[Dataset items]
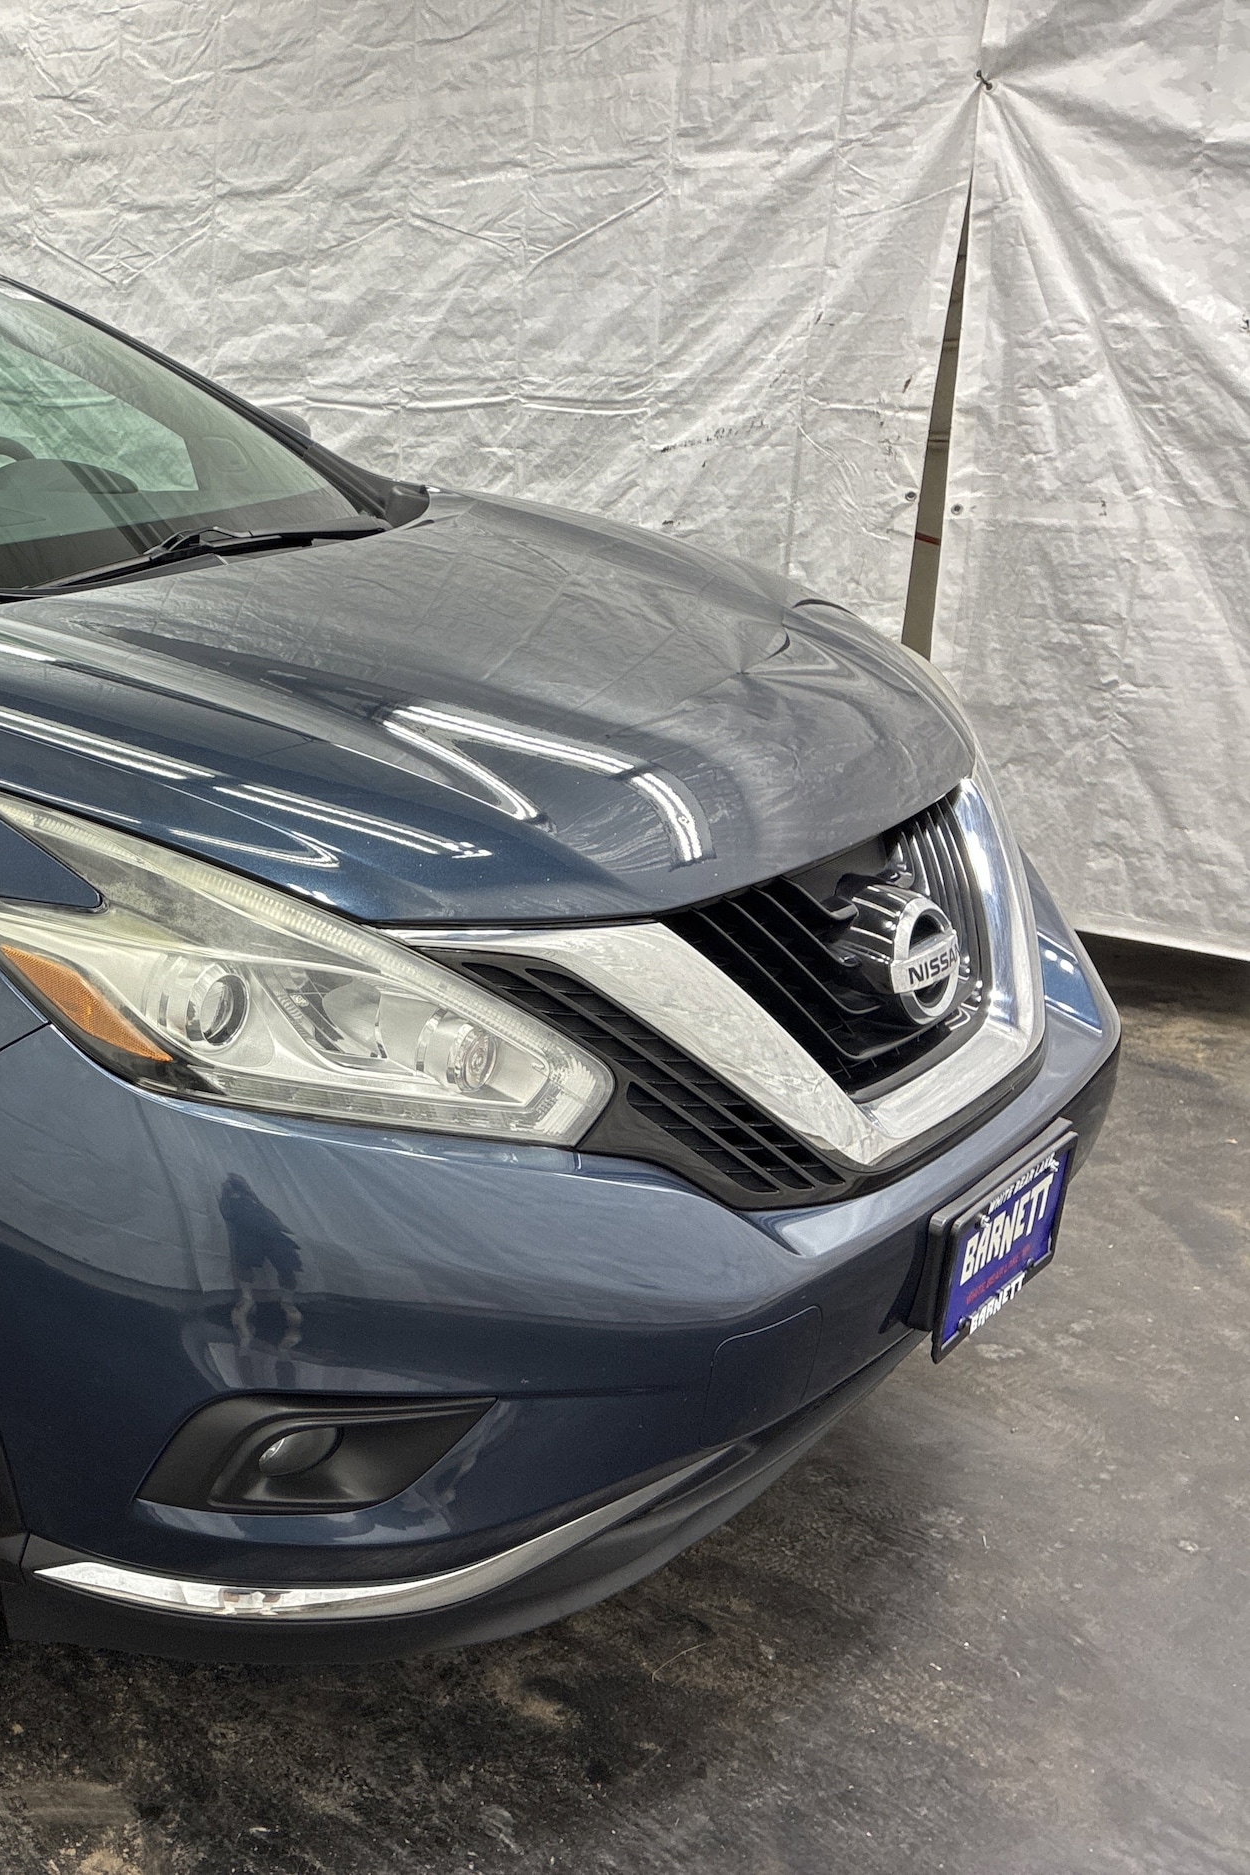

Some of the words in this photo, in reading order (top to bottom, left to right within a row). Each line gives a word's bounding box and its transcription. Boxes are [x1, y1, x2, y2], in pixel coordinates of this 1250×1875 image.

[908, 944, 960, 984] NISSAN
[988, 1184, 1015, 1215] WHITE
[1013, 1168, 1035, 1195] BEAR
[960, 1173, 1054, 1287] BARNETT
[969, 1272, 1026, 1334] BARNETT

- [Instructions to follow]: Please output every entry above exactly, without the pictures.

- [Response below]:
Some of the words in this photo, in reading order (top to bottom, left to right within a row). Each line gives a word's bounding box and its transcription. Boxes are [x1, y1, x2, y2], in pixel coordinates of this 1250×1875 image.

[908, 944, 960, 984] NISSAN
[988, 1184, 1015, 1215] WHITE
[1013, 1168, 1035, 1195] BEAR
[960, 1173, 1054, 1287] BARNETT
[969, 1272, 1026, 1334] BARNETT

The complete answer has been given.